Status: active, for the most part

I Am More Than These Bones

TO

Your wedding is supposed one of the best, if not the best day of your life. It's supposed to be filled with friends and family and laughter and love and good food and dancing. It's supposed to be something you'll remember, and remember vividly, for the rest of your life. A day when you were at your happiest. Because what could be better than finally finding the one person you love more than anything in the world and spending the rest of your life with them? I can't think of anything else that could be better. Unfortunately, that person, the one you love more than anything, the one you want to spend the rest of your life with, isn't necessarily the one you marry.

Sometimes people marry someone they love a great deal, but not enough. Sometimes people marry someone they only want to spend 2 or 10 or 5 years with. Sometimes people marry someone who turns out to be someone wildly different from who they were initially thought to be. Sometimes people marry someone who destroys them.

As I walked down the aisle, I took brief glances at the people sitting in the folding chairs on the well-maintained grass and I couldn't stop tears from welling in my eyes.

It wasn't my wedding. It wasn't my place to be emotional. It was my older sister Laila's wedding. She was the one who should be walking down the aisle on the verge of tears. She was the one who should be full to bursting with emotions.

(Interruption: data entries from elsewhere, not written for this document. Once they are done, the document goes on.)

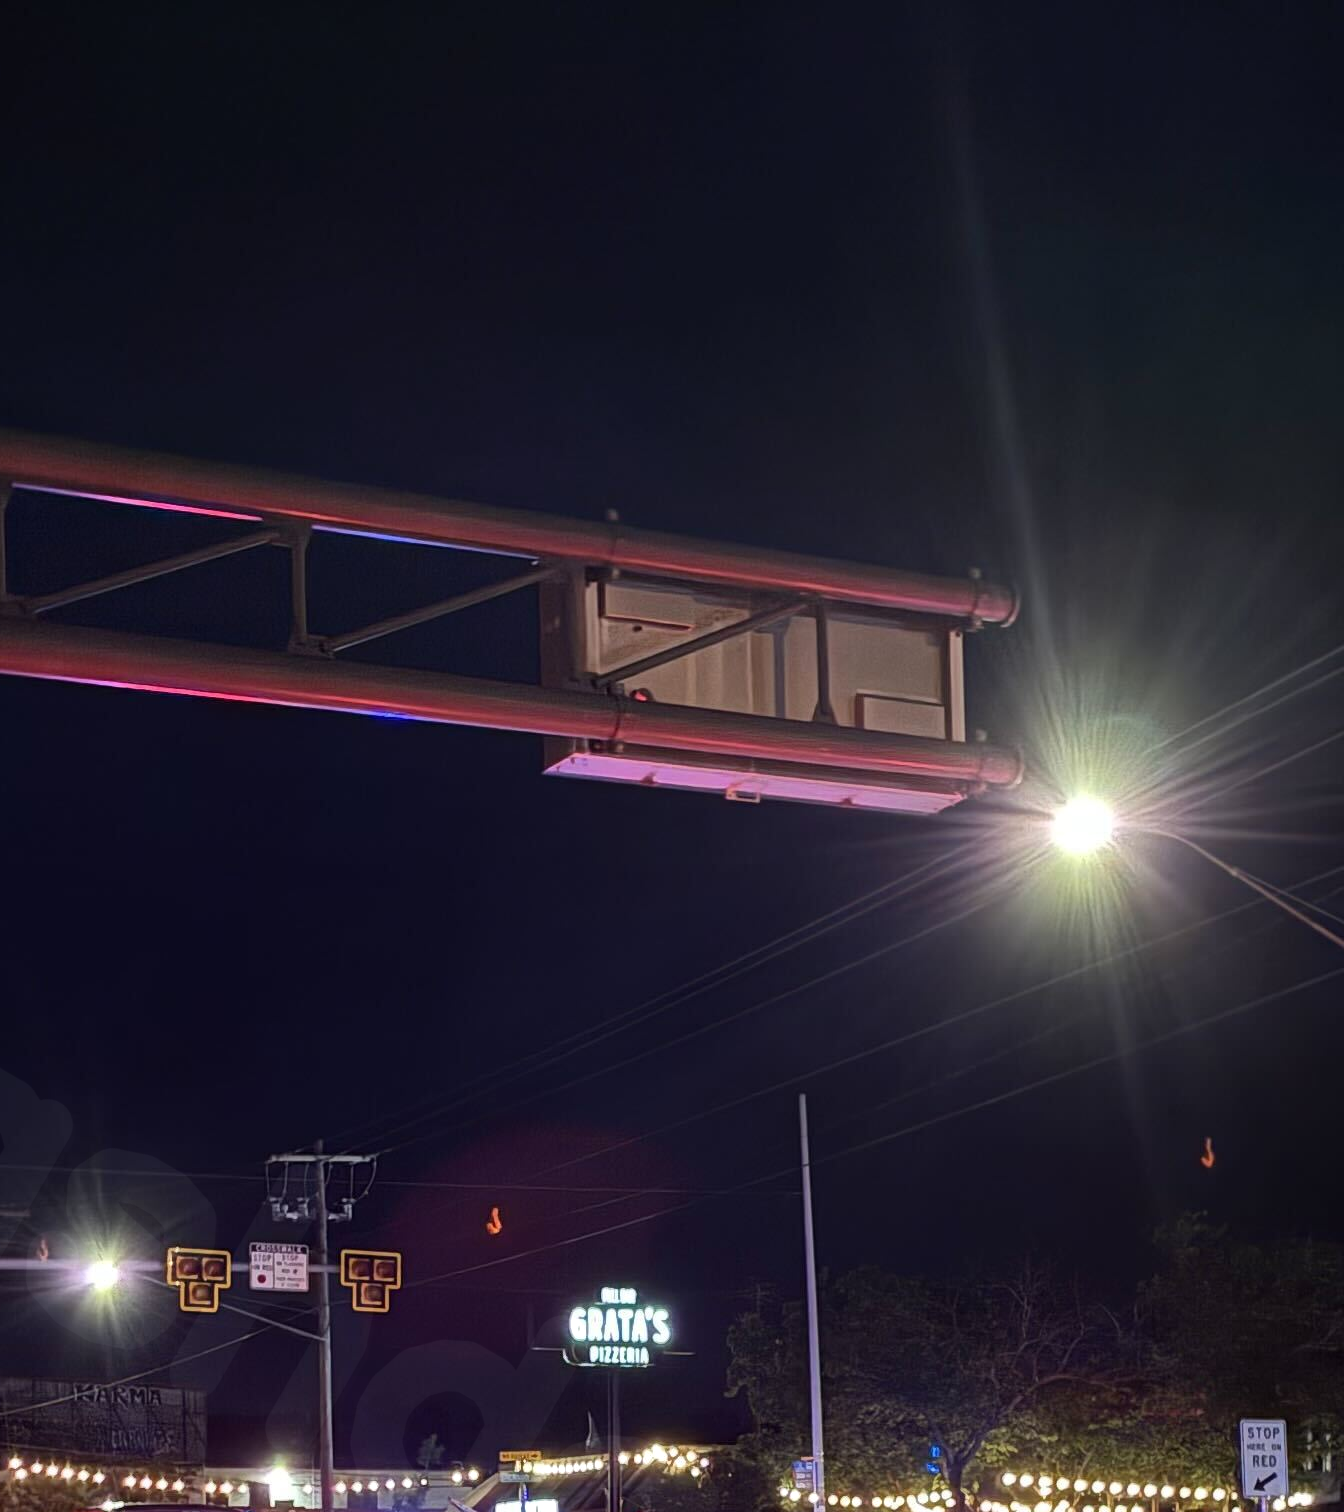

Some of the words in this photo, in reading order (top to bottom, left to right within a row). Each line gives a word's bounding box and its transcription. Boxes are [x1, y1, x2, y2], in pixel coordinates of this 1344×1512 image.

[569, 1305, 671, 1345] GRATA'S
[589, 1345, 650, 1364] PIZZERIA
[73, 1382, 162, 1409] KARMA
[1247, 1427, 1280, 1440] STOP
[1246, 1443, 1266, 1451] HERE
[1271, 1443, 1282, 1451] ON
[1252, 1454, 1277, 1468] RED

Not me.

Or at least, if I was to be teary-eyed and over-emotional, it should have been because I was beyond happy for my sister to finally be marrying her long lost high school sweetheart, Tim Kirch.

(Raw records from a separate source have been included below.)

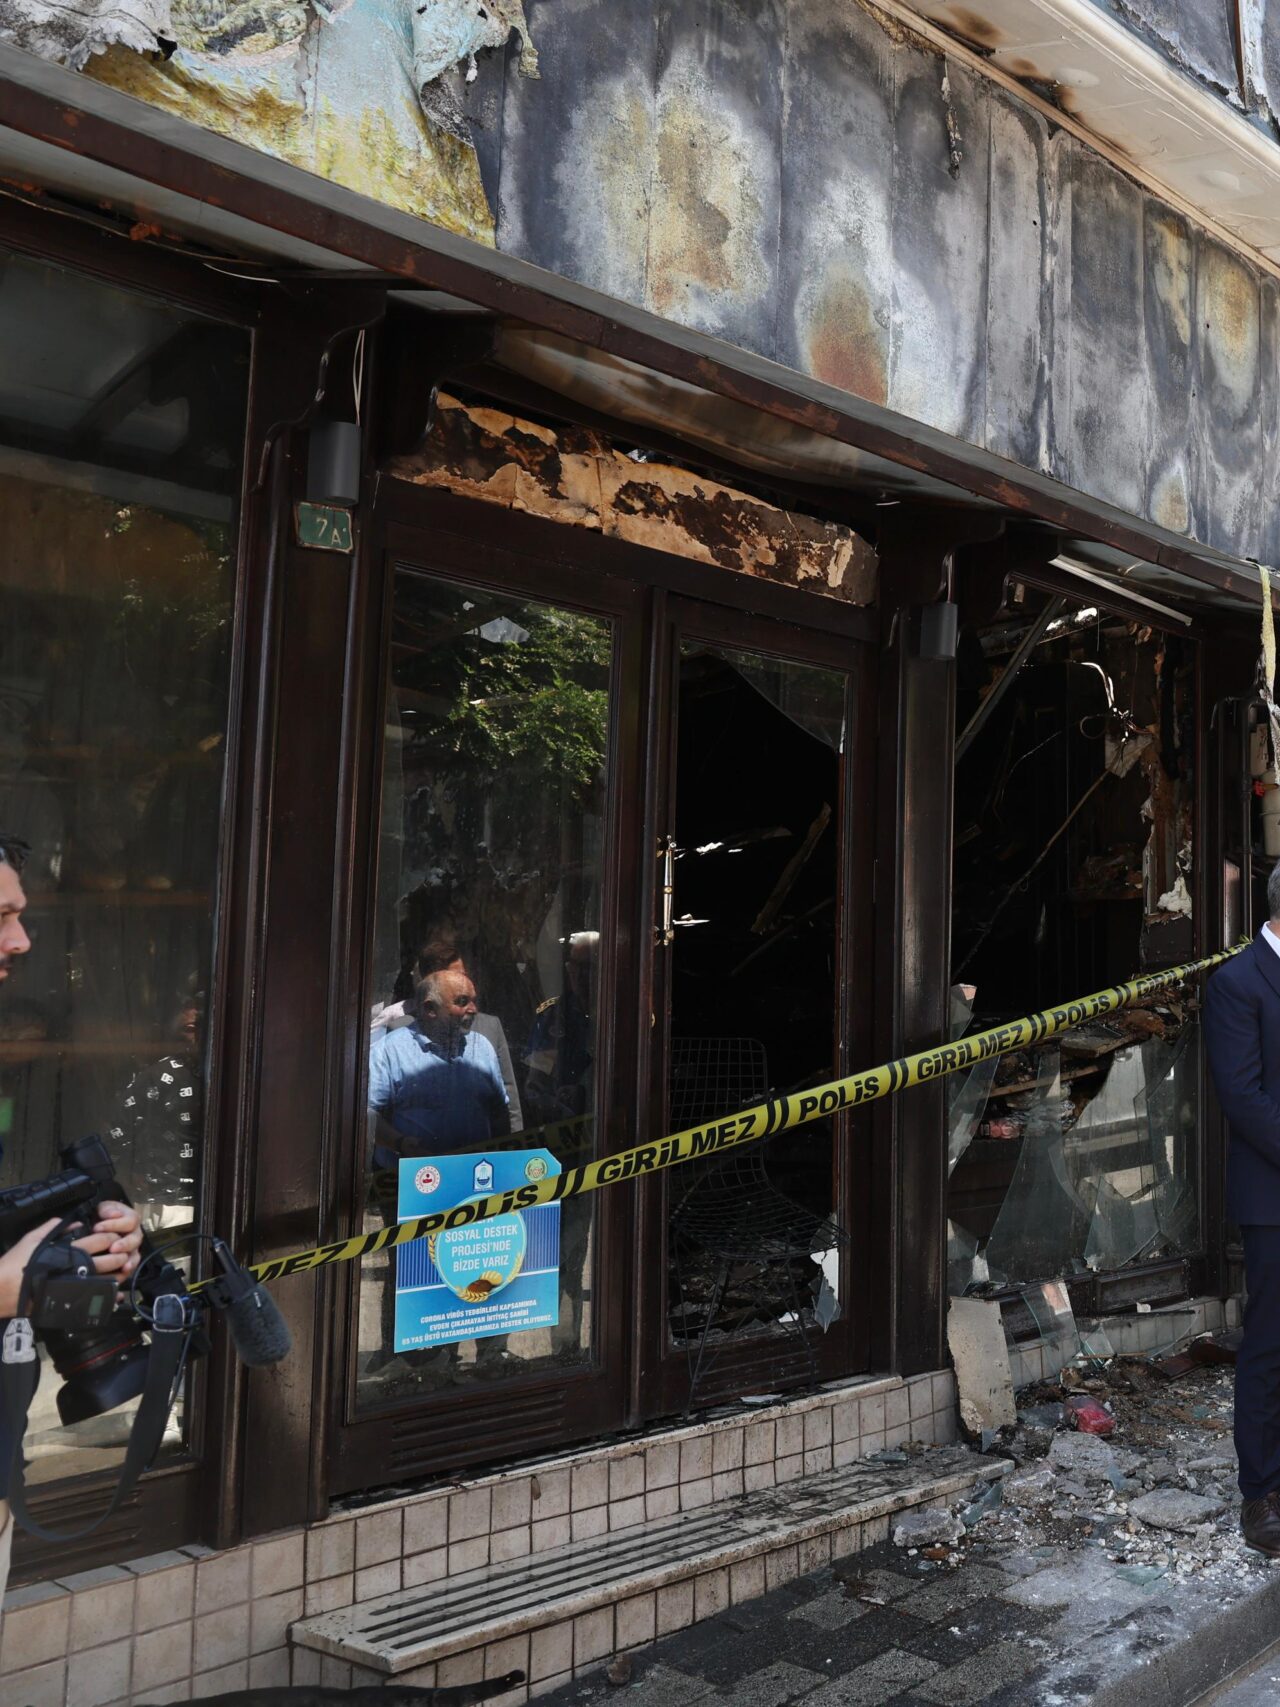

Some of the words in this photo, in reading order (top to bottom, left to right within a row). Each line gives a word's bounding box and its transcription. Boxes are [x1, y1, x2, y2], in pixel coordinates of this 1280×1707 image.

[445, 1229, 481, 1243] SOSYAL
[484, 1224, 518, 1238] DESTEK
[452, 1240, 511, 1257] PROJESİ'NDE
[453, 1258, 480, 1272] BİZDE
[482, 1254, 509, 1268] VARIZ
[420, 1313, 445, 1325] CORONA
[430, 1322, 450, 1332] EVDEN
[411, 1335, 423, 1345] YAŞ
[500, 1319, 523, 1329] DESTEK

In the few months I had been back home, my sister had succeeded into roping me into being her Maid of Honor. Respectively, Pat Kirch, Tim's younger brother, was his Best Man. We were the last in the bridal party procession and took our respective places on opposite sides of the isle and waited for my sister to grace us with her bridely presence.

The wedding march began to place and shortly thereafter Laila started her long-awaited descent down the aisle, looking truly stunning. Laila was the kind of girl who had fantasized about her wedding day since she was in the fourth grade. The venue, the menu, her dress, her hair, the bridesmaid dresses, the flowers, every single little detailed thing certainly reflected that. "Great Gatsby Vintage Glam", is what she called it. If she wasn't already employed as a Vet, I'd say she should definitely look into a career in wedding planning.

I knew I shouldn't have looked, but I couldn't resist the urge. The expression on Tim's face as he ogled at Laila was so beautifully emotional and raw it made my heart do all sorts of crazy things. At first, I was jealous. That loving, longing, appreciative look Tim was casting my sister's way was the exact way I had always wanted someone to look at me. I tried to mature and rid myself of my jealousy. I tried to replace that jealousy with happiness. Happiness has not been my strongest felt emotion for a while now. That happiness soon faded and I was filled with a hollow sadness. No one was ever going to look at me like that.

Perhaps I spoke too soon. When Laila finally reached the alter and everyone took their seats, I tore my eyes from Tim and looked out at the crowd. Sitting two rows from the front on the groom's side, sat a russet-haired, blue-eyed, handsome-ass guy who was giving me more of a look than I deserved. Our eyes met and almost instantly I broke the gaze and blushed fiercely. Confidence? I had no idea what that was anymore.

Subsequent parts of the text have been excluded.